## TASK OBJECTIVE
A precise copy of the data is required, with every picture left out.

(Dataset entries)
++++++++++
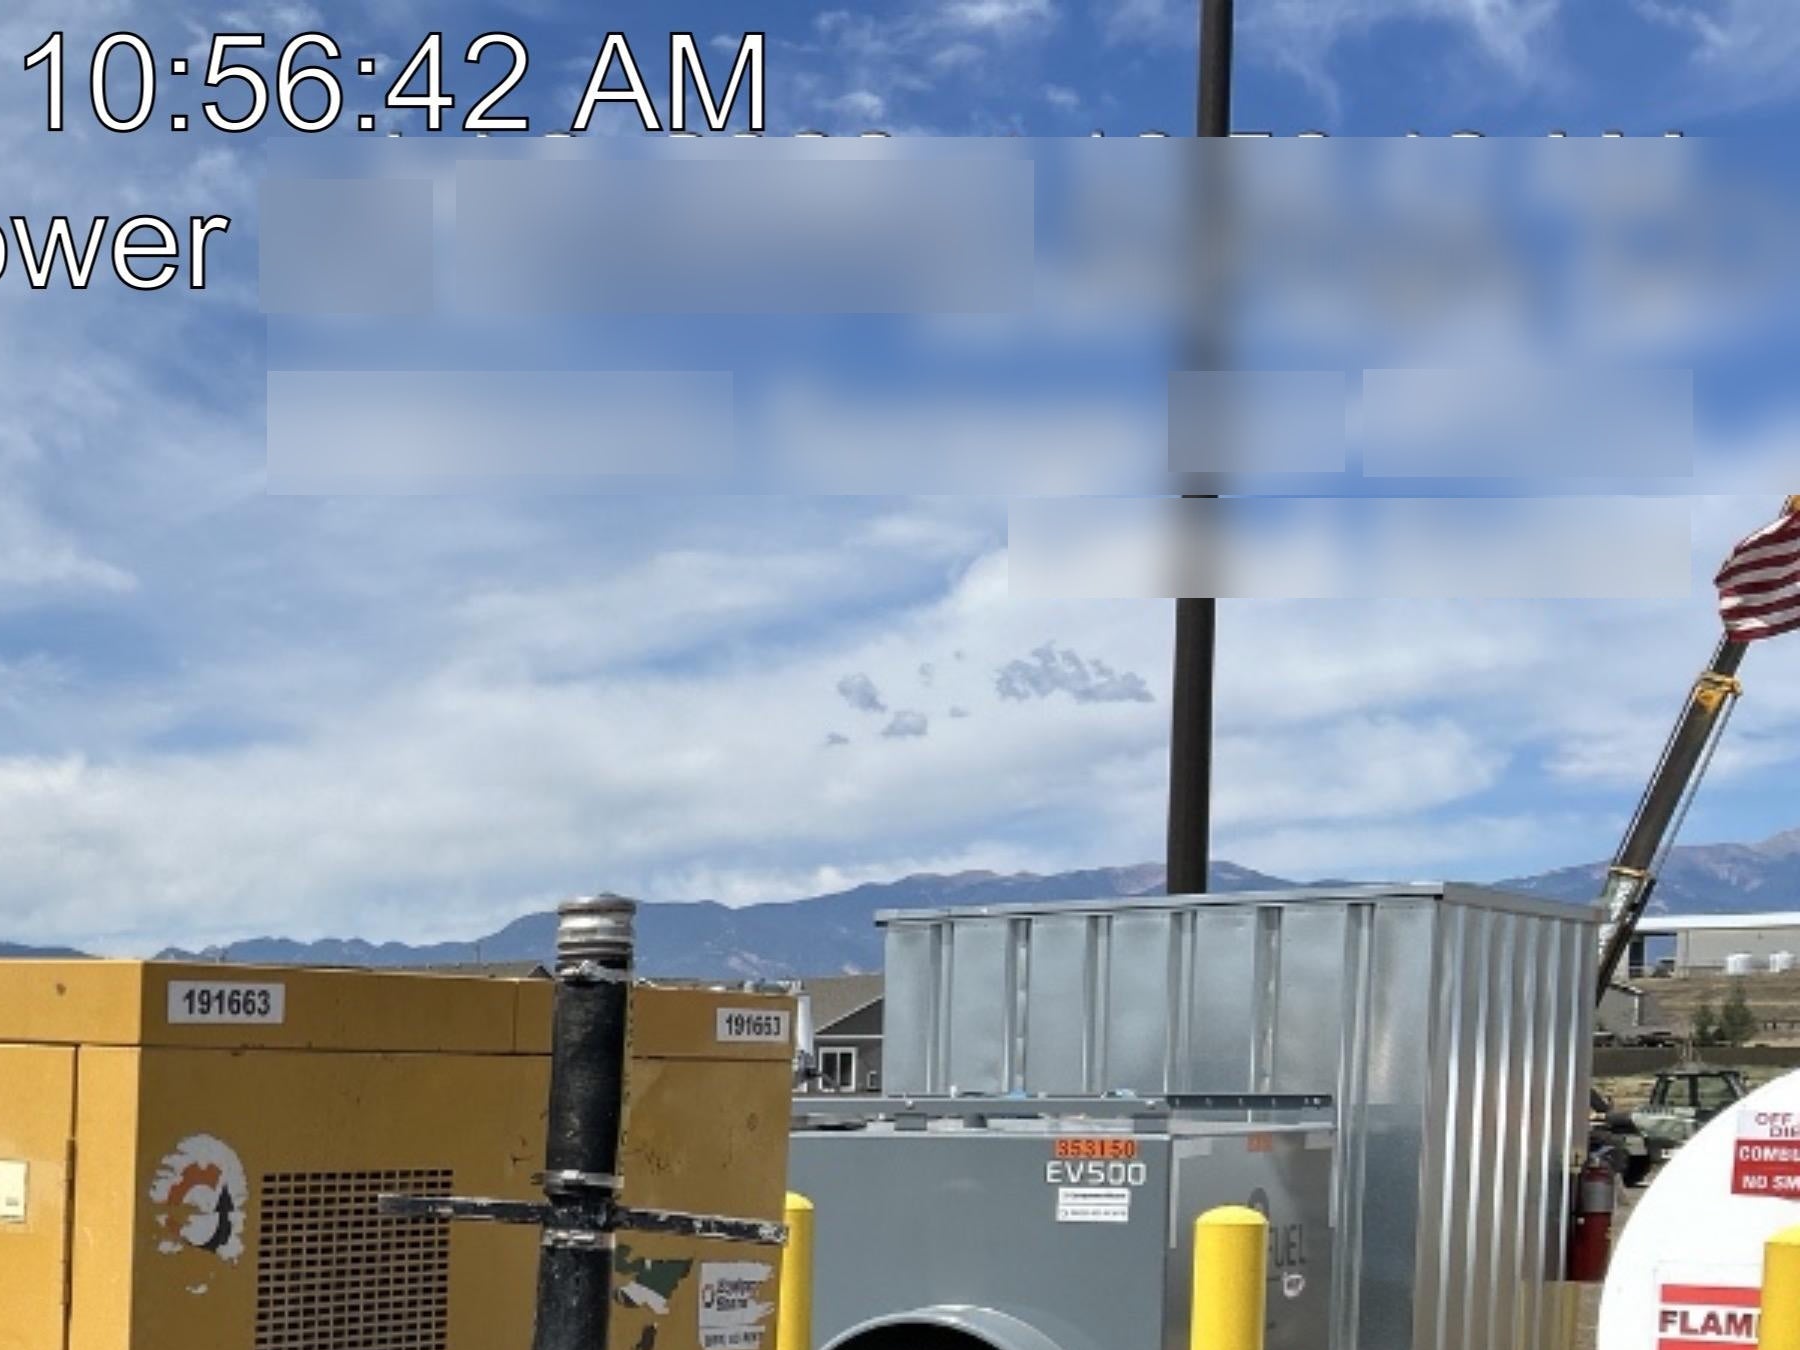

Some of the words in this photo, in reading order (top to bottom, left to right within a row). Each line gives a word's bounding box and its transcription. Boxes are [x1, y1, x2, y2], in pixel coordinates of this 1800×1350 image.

[183, 989, 271, 1016] 191663
[1755, 1112, 1794, 1126] OFF
[1046, 1160, 1146, 1186] EV500
[1742, 1175, 1768, 1190] NO
[1269, 1223, 1307, 1268] UEL
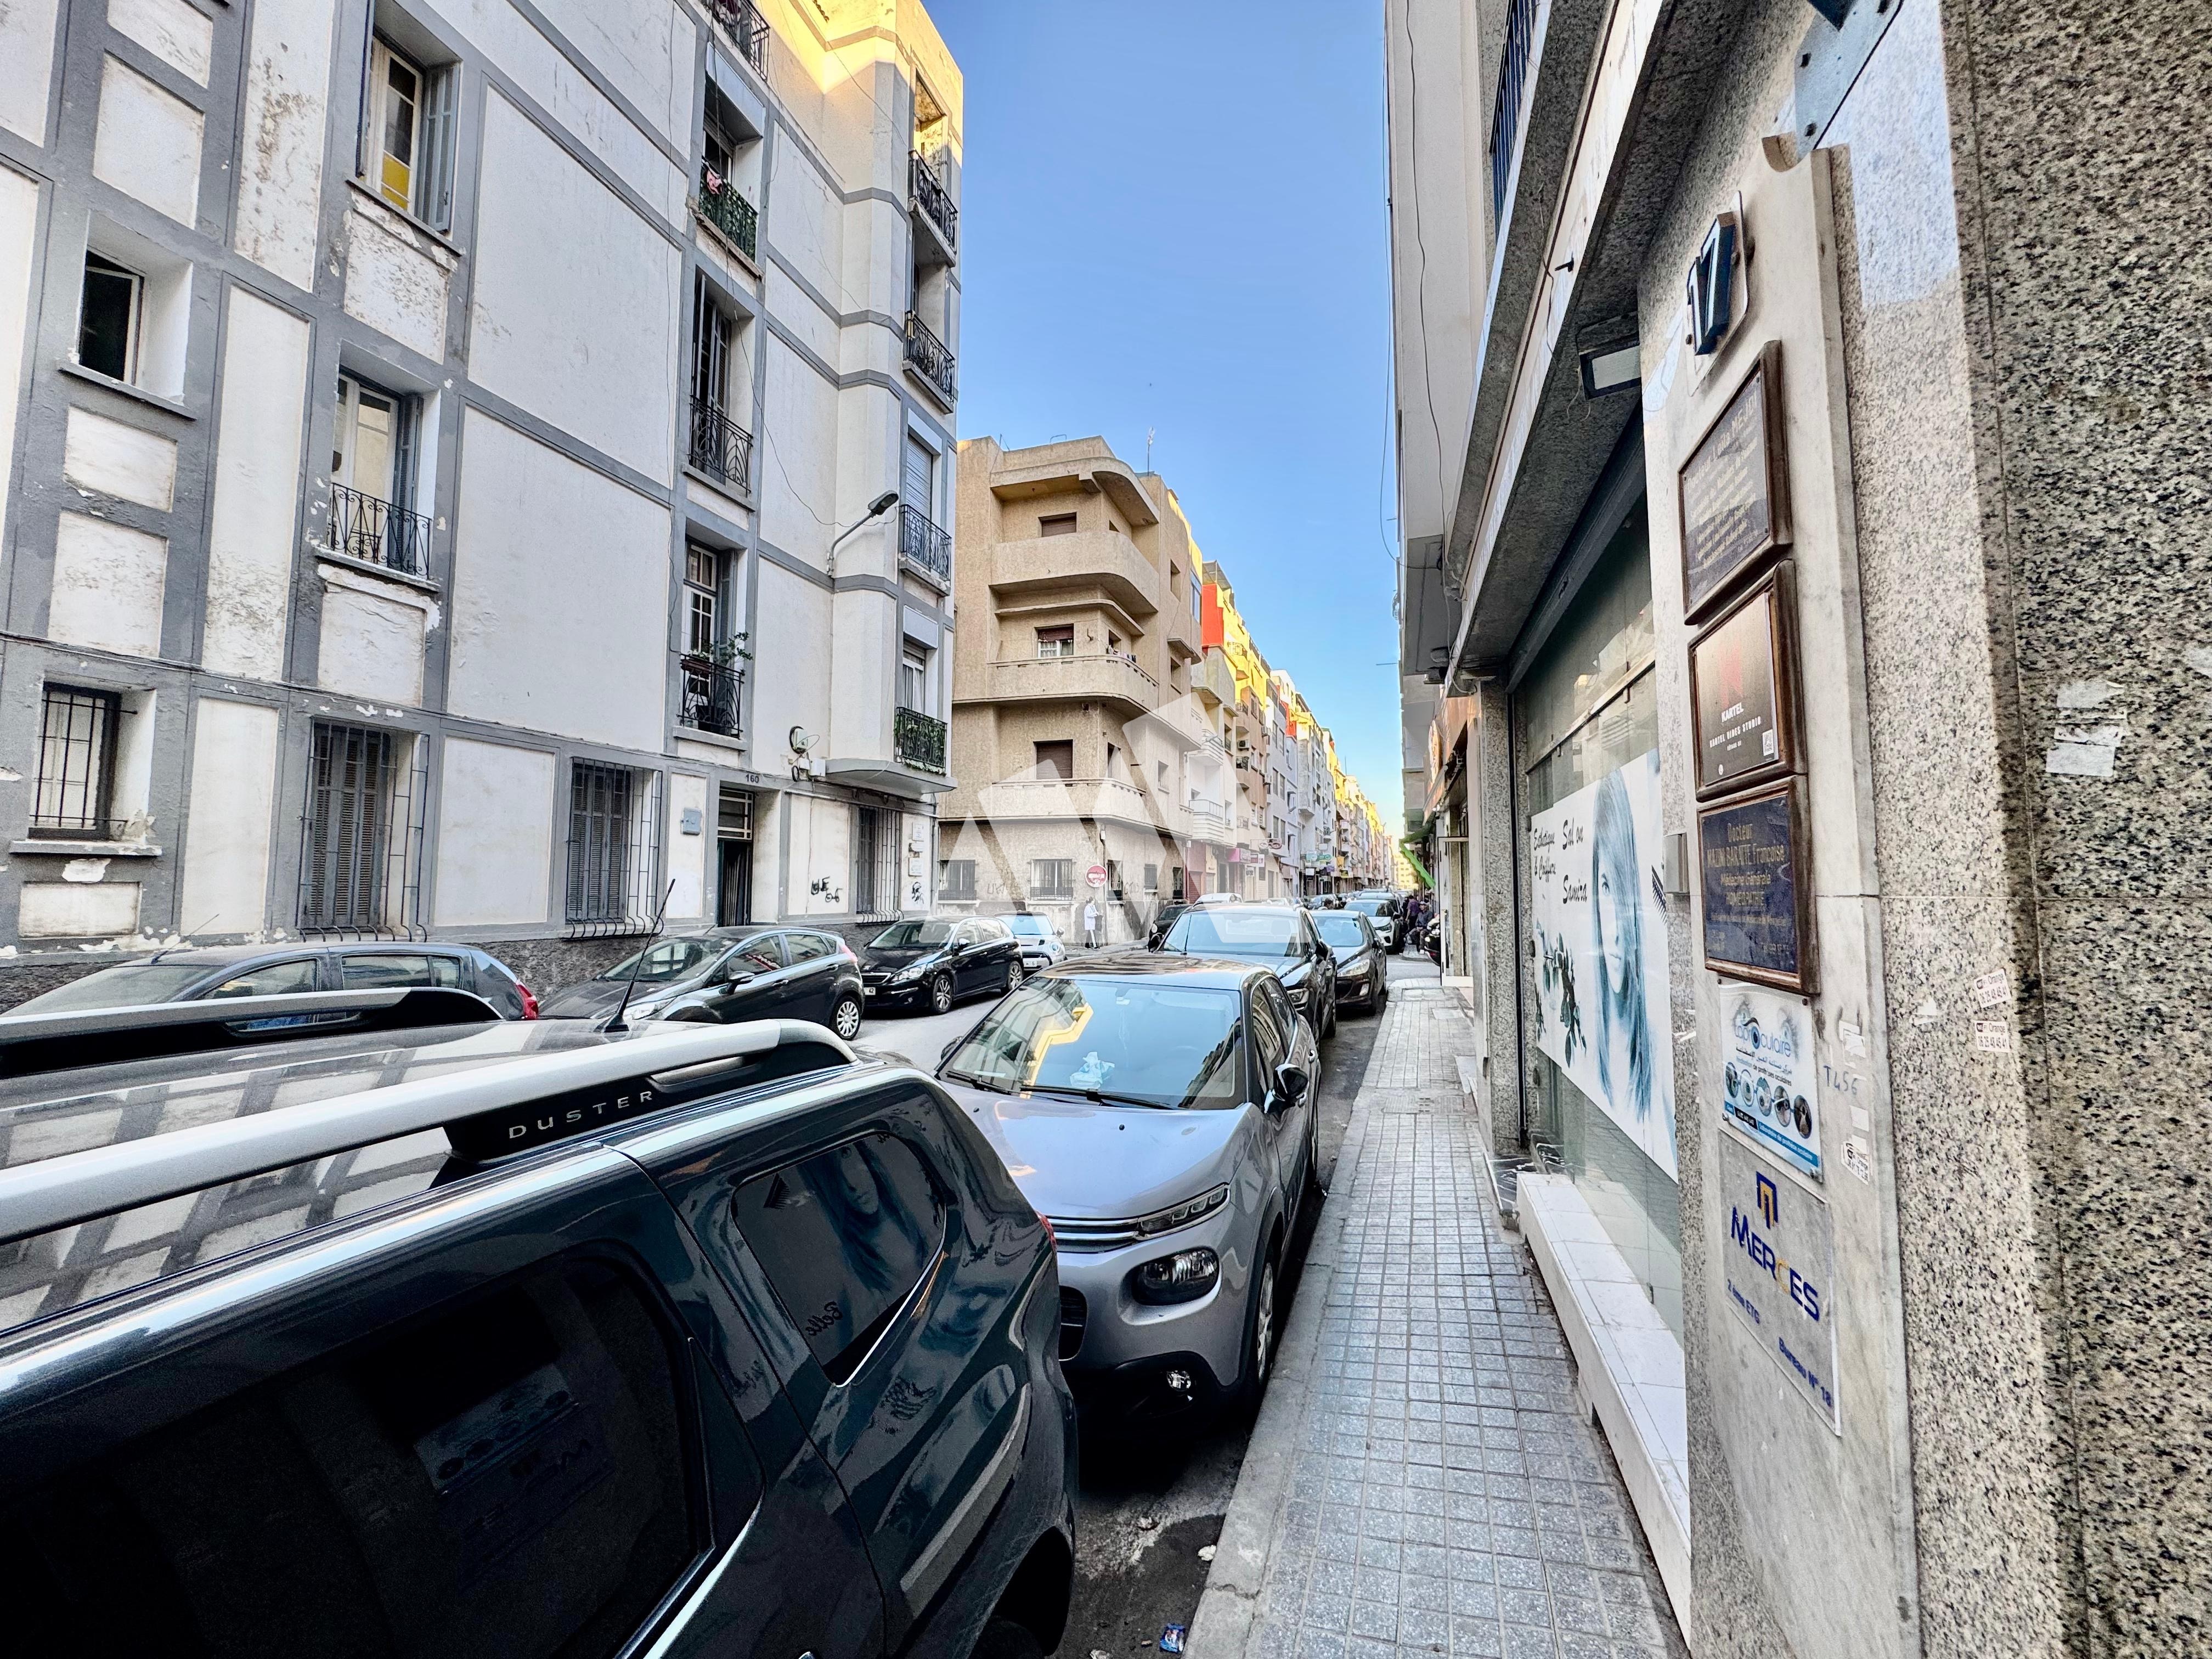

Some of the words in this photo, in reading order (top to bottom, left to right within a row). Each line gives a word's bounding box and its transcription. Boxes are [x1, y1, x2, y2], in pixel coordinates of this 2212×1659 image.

[1721, 702, 1744, 722] KARTEL
[1742, 716, 1761, 732] STUDIO
[746, 774, 759, 783] 160
[1728, 823, 1752, 842] Docteur
[1562, 874, 1587, 904] Samira
[1989, 1023, 2005, 1035] Orange
[508, 1090, 653, 1139] DUSTER
[1731, 1207, 1820, 1322] MERCES
[1728, 1278, 1731, 1291] 2
[1779, 1336, 1807, 1379] Bureau
++++++++++
## SOLUTION FOR THIS TASK
Some of the words in this photo, in reading order (top to bottom, left to right within a row). Each line gives a word's bounding box and its transcription. Boxes are [x1, y1, x2, y2], in pixel coordinates of this 1800×1350 image.

[183, 989, 271, 1016] 191663
[1755, 1112, 1794, 1126] OFF
[1046, 1160, 1146, 1186] EV500
[1742, 1175, 1768, 1190] NO
[1269, 1223, 1307, 1268] UEL

Some of the words in this photo, in reading order (top to bottom, left to right within a row). Each line gives a word's bounding box and its transcription. Boxes are [x1, y1, x2, y2], in pixel coordinates of this 2212×1659 image.

[1721, 702, 1744, 722] KARTEL
[1742, 716, 1761, 732] STUDIO
[746, 774, 759, 783] 160
[1728, 823, 1752, 842] Docteur
[1562, 874, 1587, 904] Samira
[1989, 1023, 2005, 1035] Orange
[508, 1090, 653, 1139] DUSTER
[1731, 1207, 1820, 1322] MERCES
[1728, 1278, 1731, 1291] 2
[1779, 1336, 1807, 1379] Bureau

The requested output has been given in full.